++++ Available data ++++
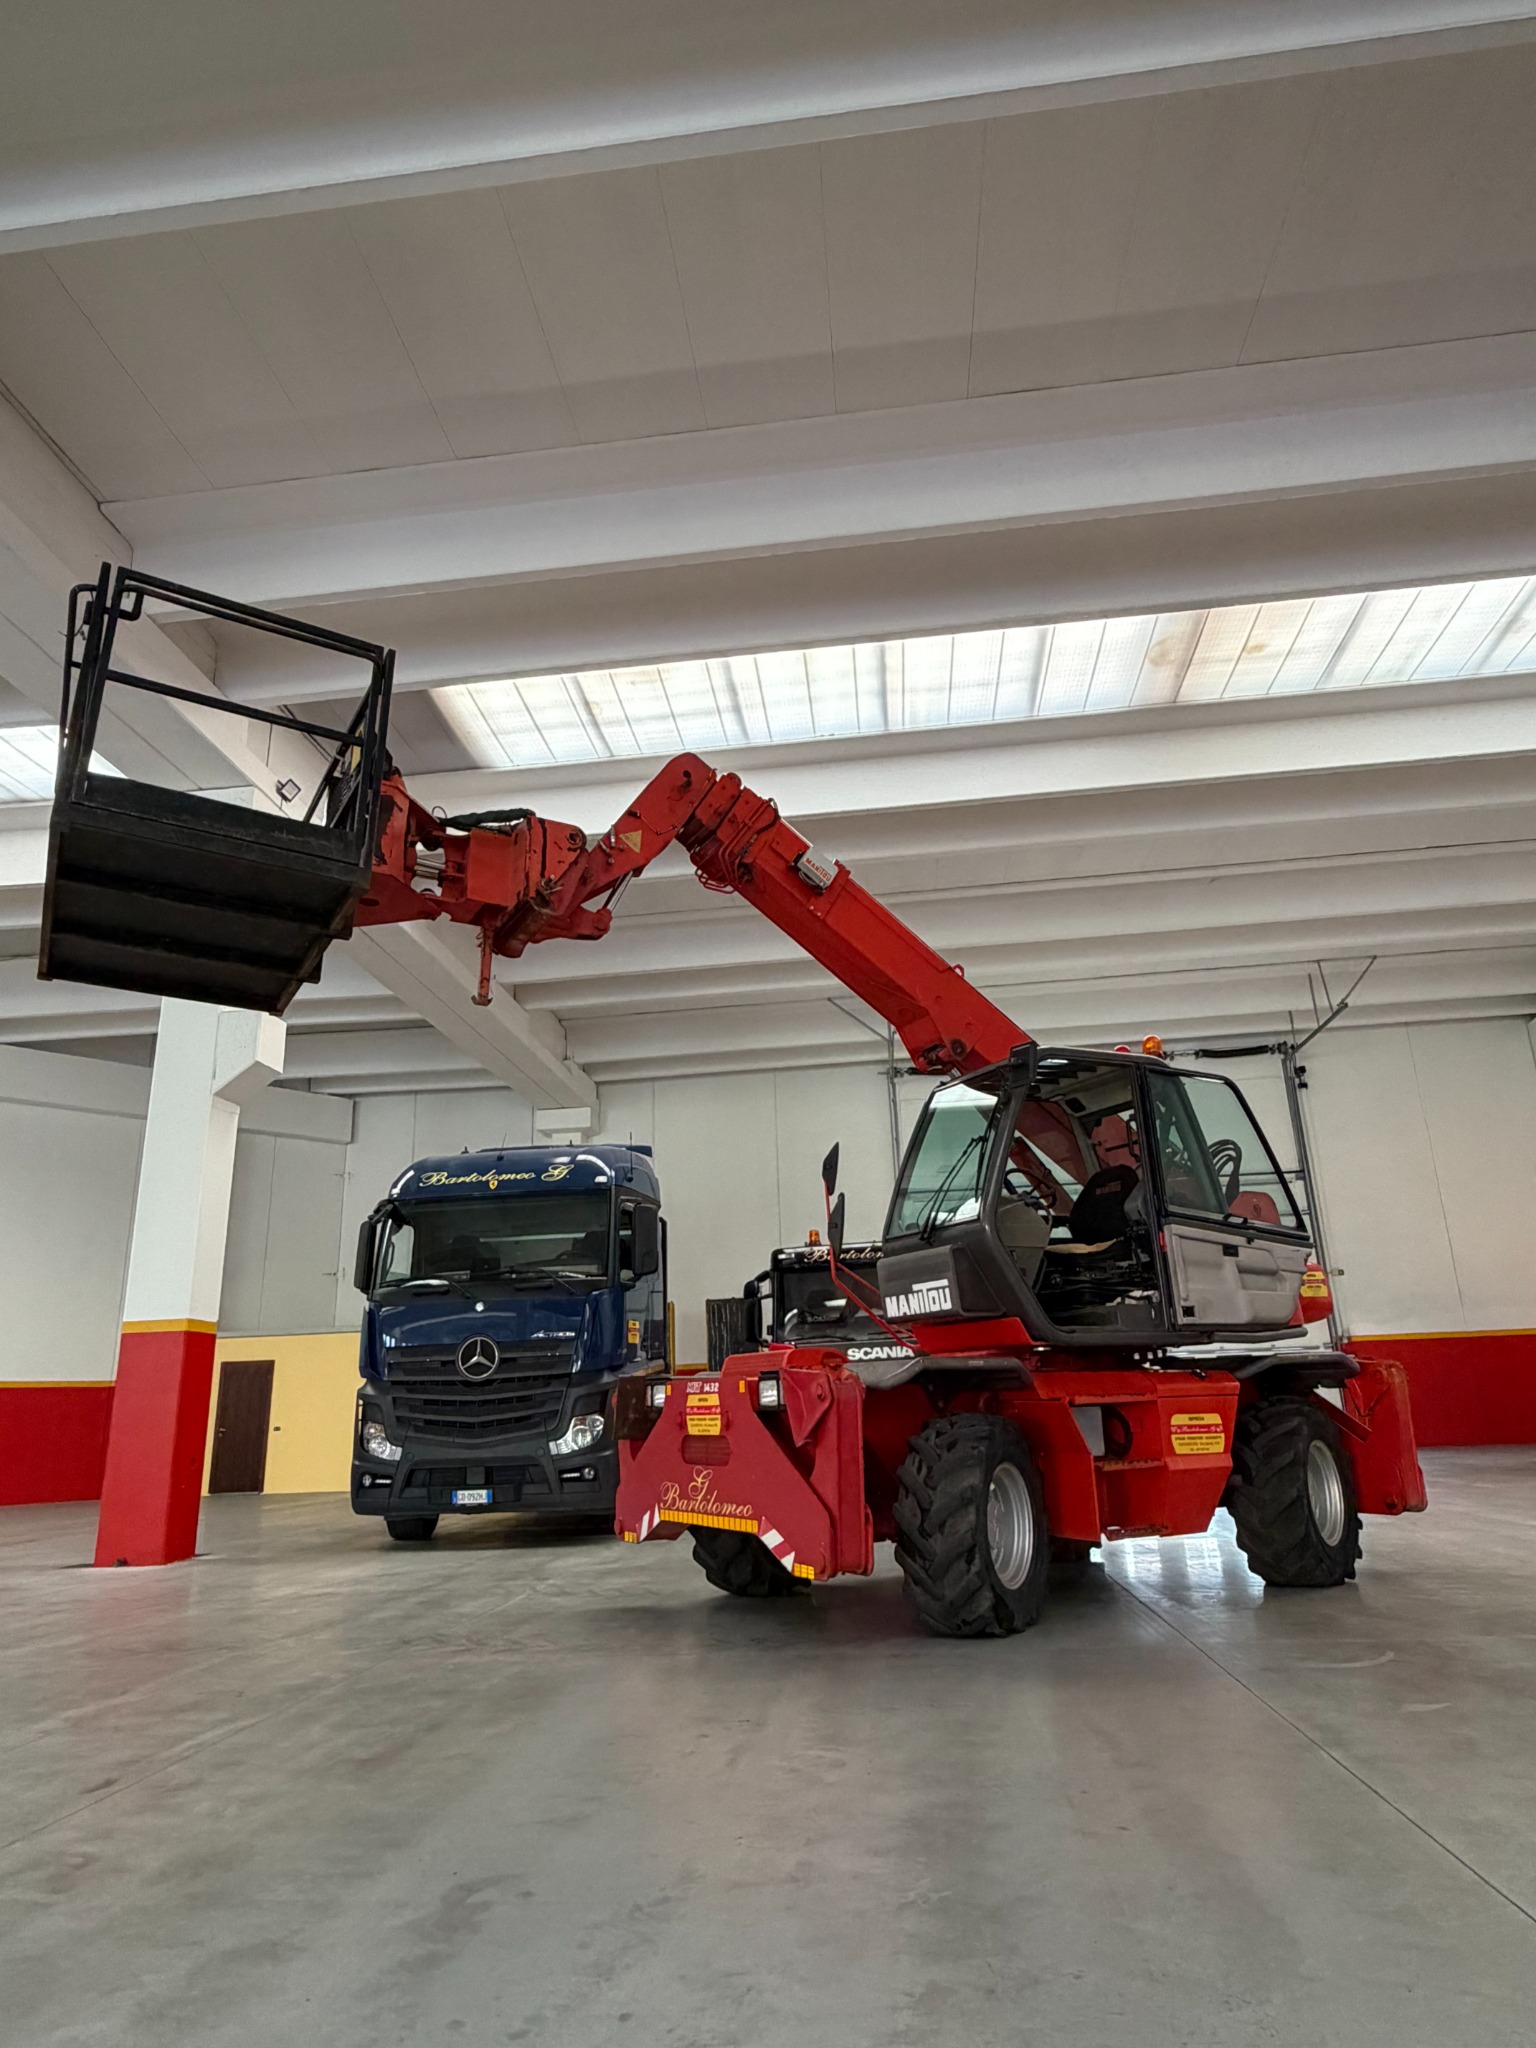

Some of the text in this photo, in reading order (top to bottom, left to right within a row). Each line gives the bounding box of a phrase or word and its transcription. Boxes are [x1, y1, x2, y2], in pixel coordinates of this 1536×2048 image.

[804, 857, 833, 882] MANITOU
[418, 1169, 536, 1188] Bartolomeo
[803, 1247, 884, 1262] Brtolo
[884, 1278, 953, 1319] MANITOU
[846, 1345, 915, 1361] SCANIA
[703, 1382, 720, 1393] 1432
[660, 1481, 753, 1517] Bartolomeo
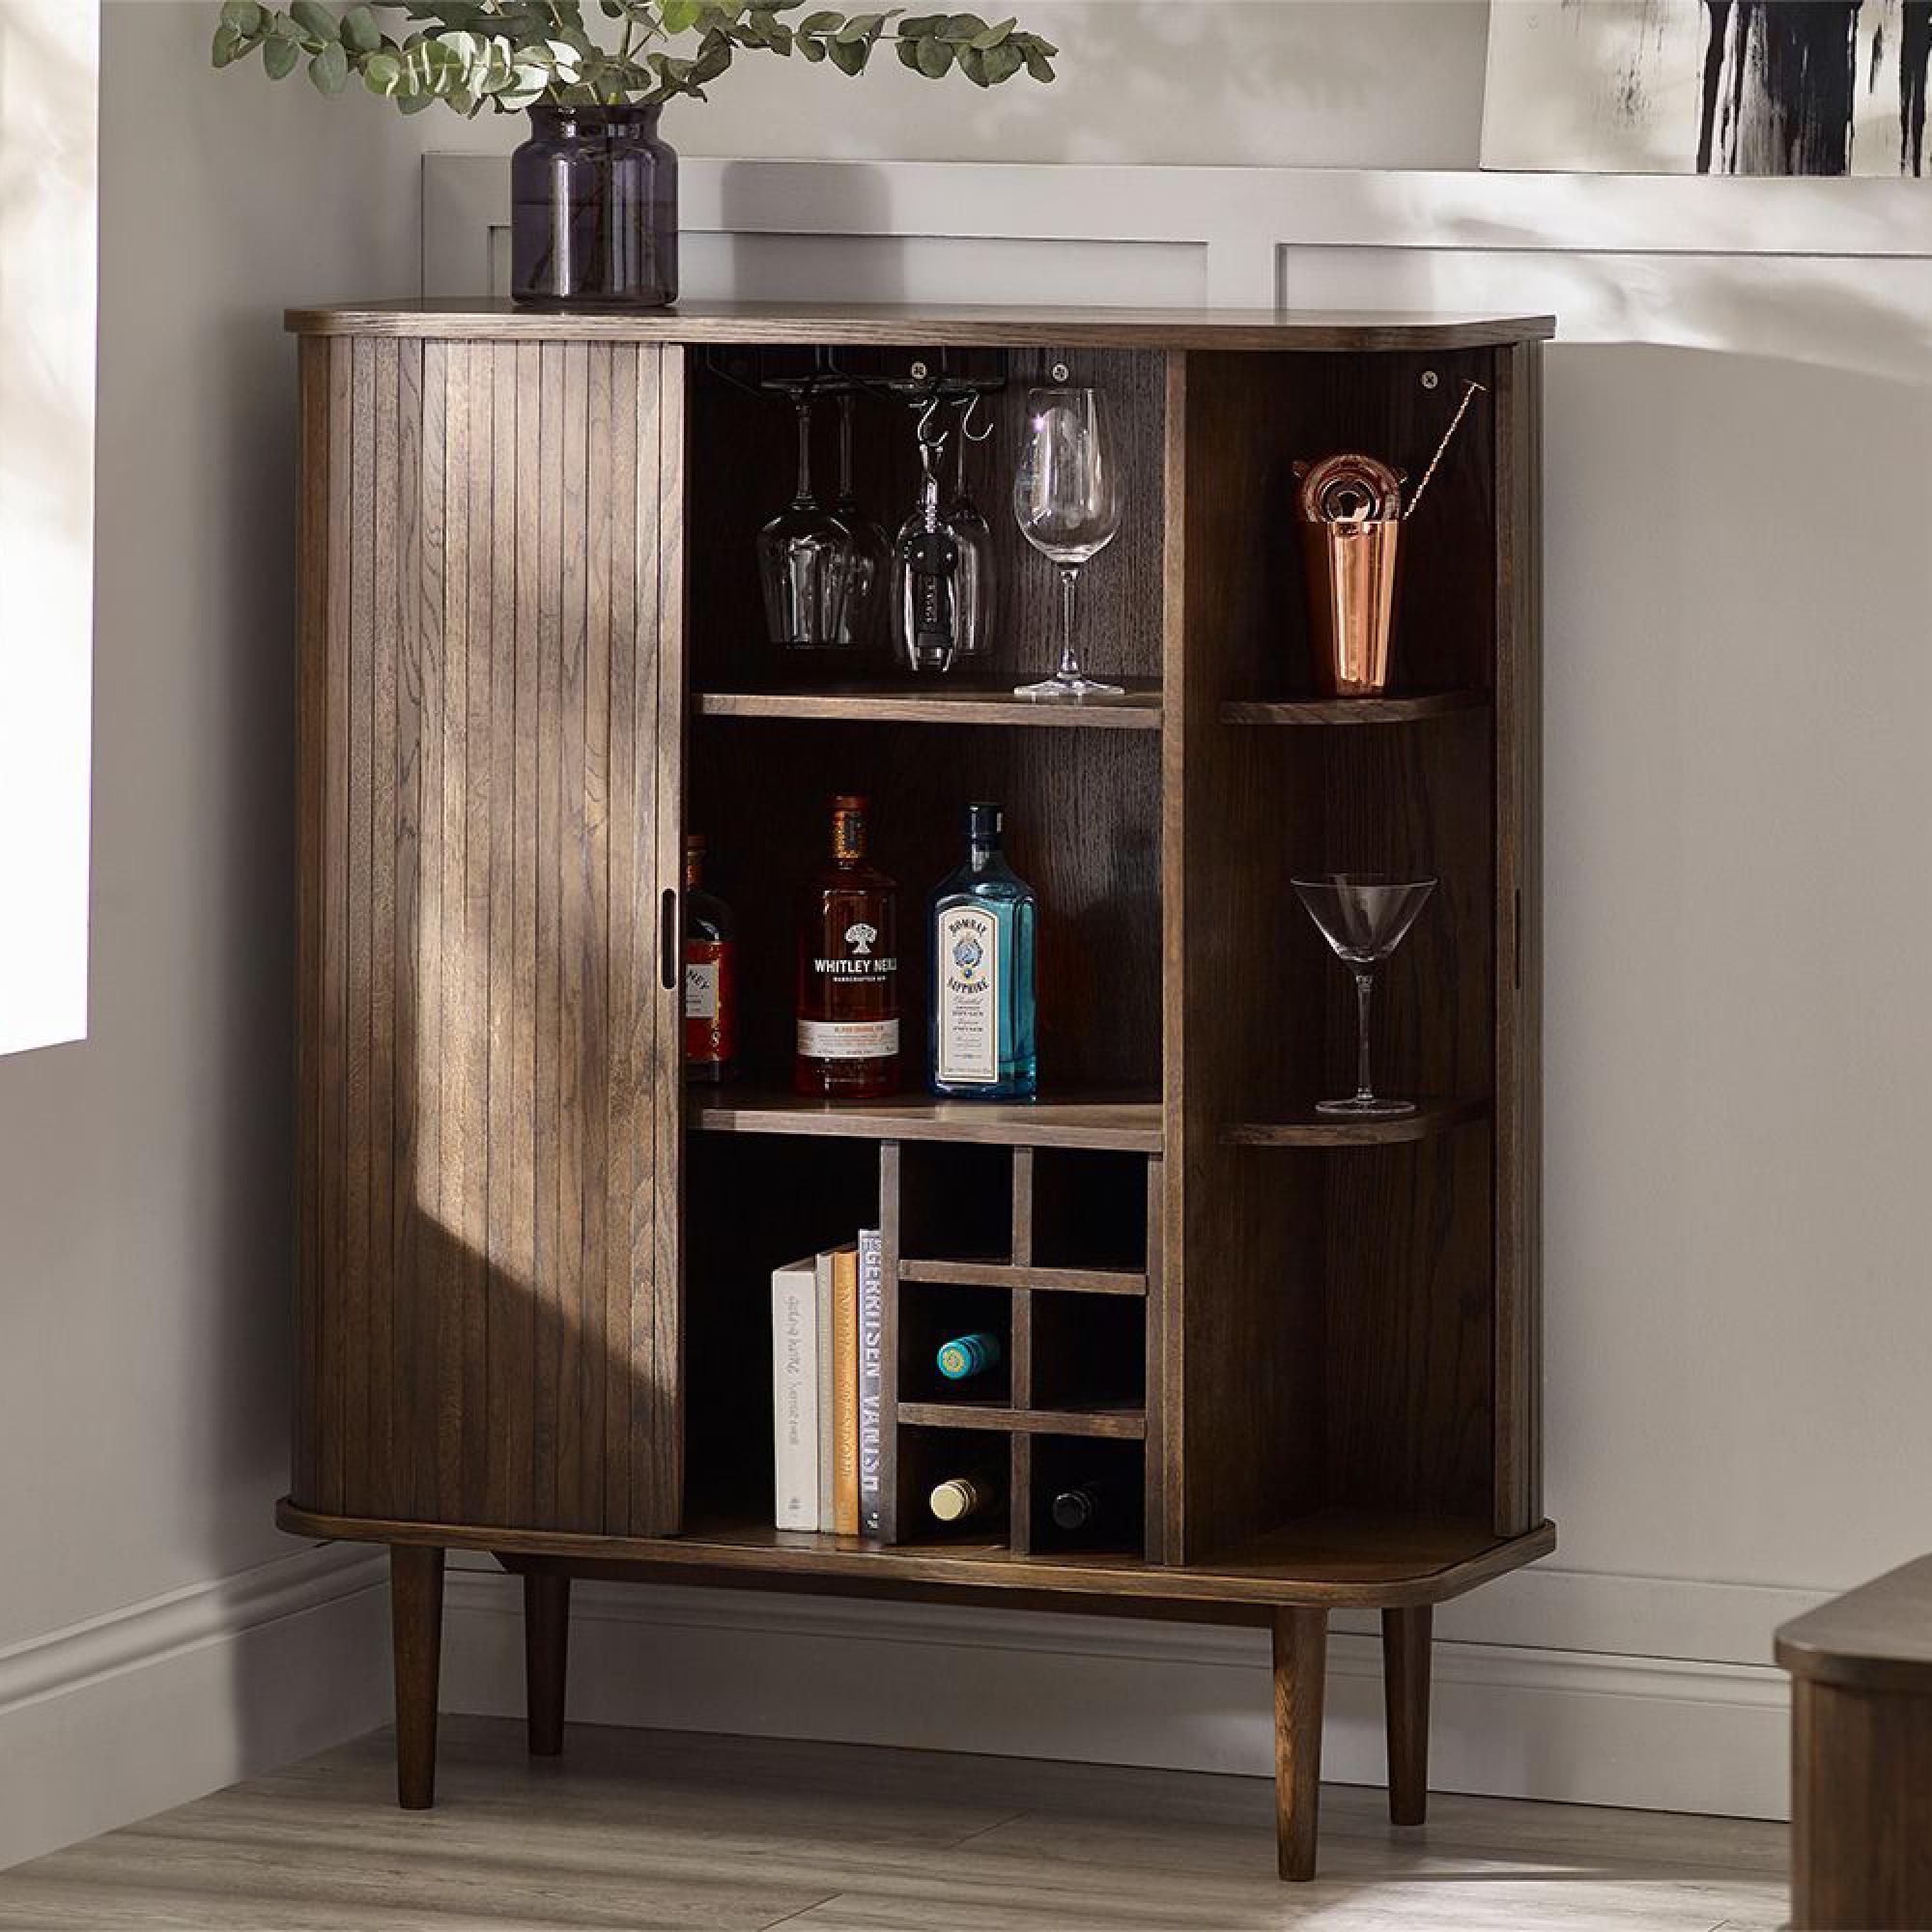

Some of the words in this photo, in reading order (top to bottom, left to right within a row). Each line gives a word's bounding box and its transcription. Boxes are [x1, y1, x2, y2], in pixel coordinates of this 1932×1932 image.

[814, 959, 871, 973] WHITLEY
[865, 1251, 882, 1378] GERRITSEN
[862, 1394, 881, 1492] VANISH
++++
■ Problem statement ■
Retype every record above exactly as written, but leave out the pictures.

■ Response area ■
Some of the text in this photo, in reading order (top to bottom, left to right within a row). Each line gives the bounding box of a phrase or word and its transcription. Boxes are [x1, y1, x2, y2], in pixel coordinates of this 1536×2048 image.

[804, 857, 833, 882] MANITOU
[418, 1169, 536, 1188] Bartolomeo
[803, 1247, 884, 1262] Brtolo
[884, 1278, 953, 1319] MANITOU
[846, 1345, 915, 1361] SCANIA
[703, 1382, 720, 1393] 1432
[660, 1481, 753, 1517] Bartolomeo

Some of the words in this photo, in reading order (top to bottom, left to right within a row). Each line gives a word's bounding box and its transcription. Boxes are [x1, y1, x2, y2], in pixel coordinates of this 1932×1932 image.

[814, 959, 871, 973] WHITLEY
[865, 1251, 882, 1378] GERRITSEN
[862, 1394, 881, 1492] VANISH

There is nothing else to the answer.